🤖 AI Summary
This work proposes a modular, uncertainty-aware framework for pose estimation that significantly enhances robustness in complex environments where conventional methods suffer from multiple error sources, high computational cost, and poor reliability. By introducing an error provenance mechanism into the pose estimation pipeline for the first time, the approach decomposes the task into three sequential stages: failure detection, error attribution, and targeted recovery, activating lightweight corrective strategies only when necessary. Built upon an efficient iterative closest point (ICP)-based estimator, the method integrates uncertainty modeling with interpretable attribution to achieve substantial robustness gains in real-world robotic grasping tasks. It matches the performance of large foundation models while maintaining lower computational complexity and faster inference speed.
📝 Abstract
Robust estimation of object poses in robotic manipulation is often addressed using foundational general estimators, that aim to handle diverse error sources naively within a single model. Still, they struggle due to environmental uncertainties, while requiring long inference times and heavy computation.

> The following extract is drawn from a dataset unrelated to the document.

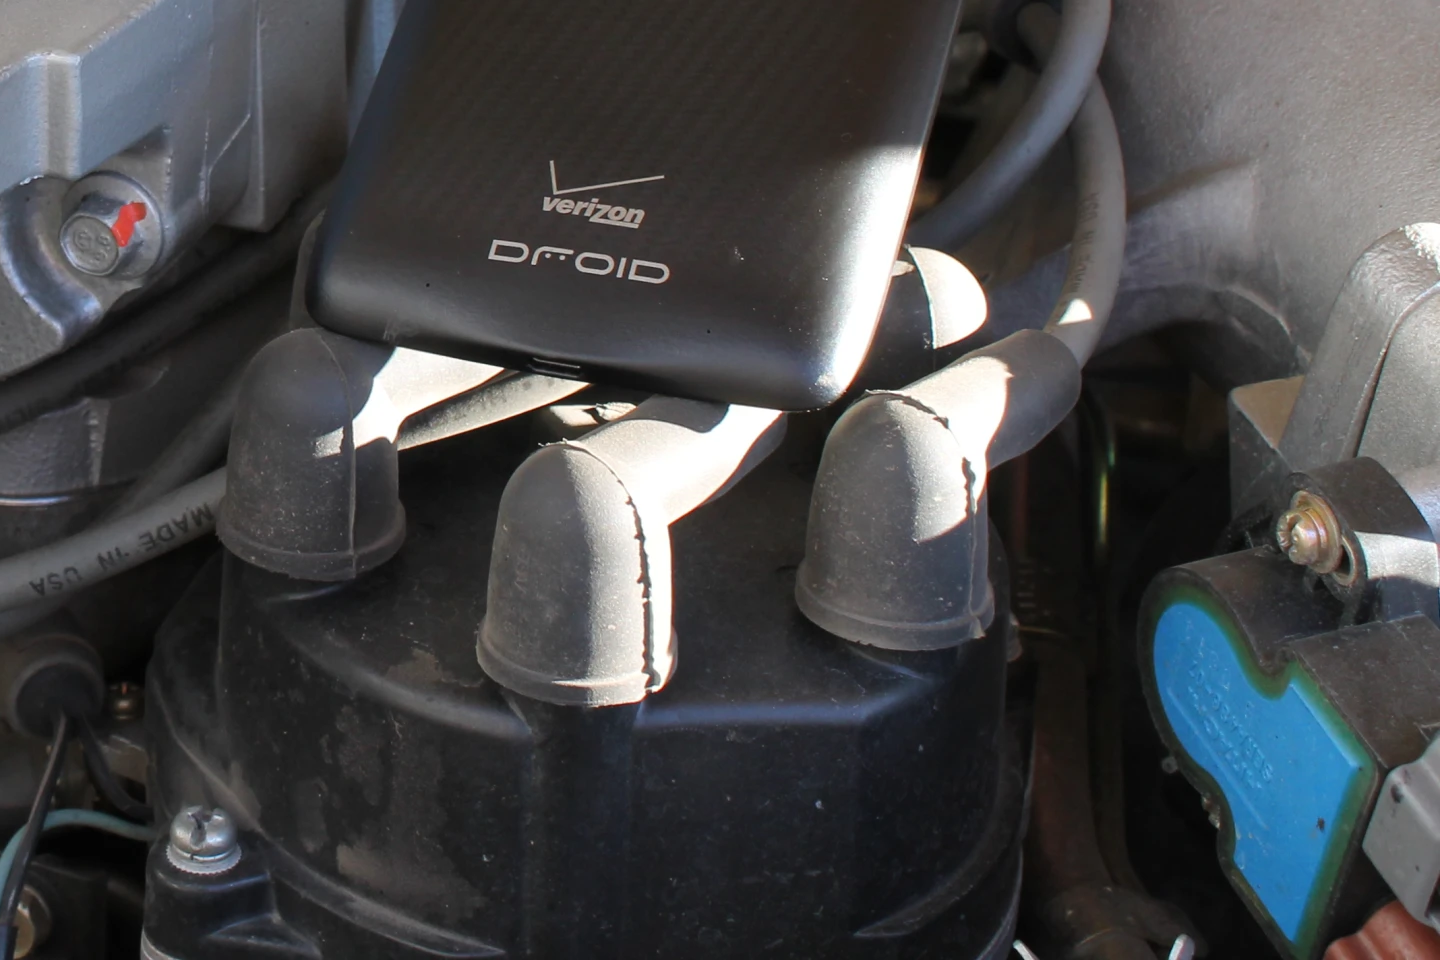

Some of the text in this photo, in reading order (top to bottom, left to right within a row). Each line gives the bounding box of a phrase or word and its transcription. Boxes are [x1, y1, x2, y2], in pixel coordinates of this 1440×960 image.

In contrast, we propose a modular, uncertainty-aware framework that attributes pose estimation errors to specific error sources and applies targeted mitigation strategies only when necessary. Instantiated with Iterative Closest Point (ICP) as a simple and lightweight pose estimator, we leverage our framework for real-world robotic grasping tasks. By decomposing pose estimation into failure detection, error attribution, and targeted recovery, we significantly improve the robustness of ICP and achieve competitive performance compared to foundation models, while relying on a substantially simpler and faster pose estimator.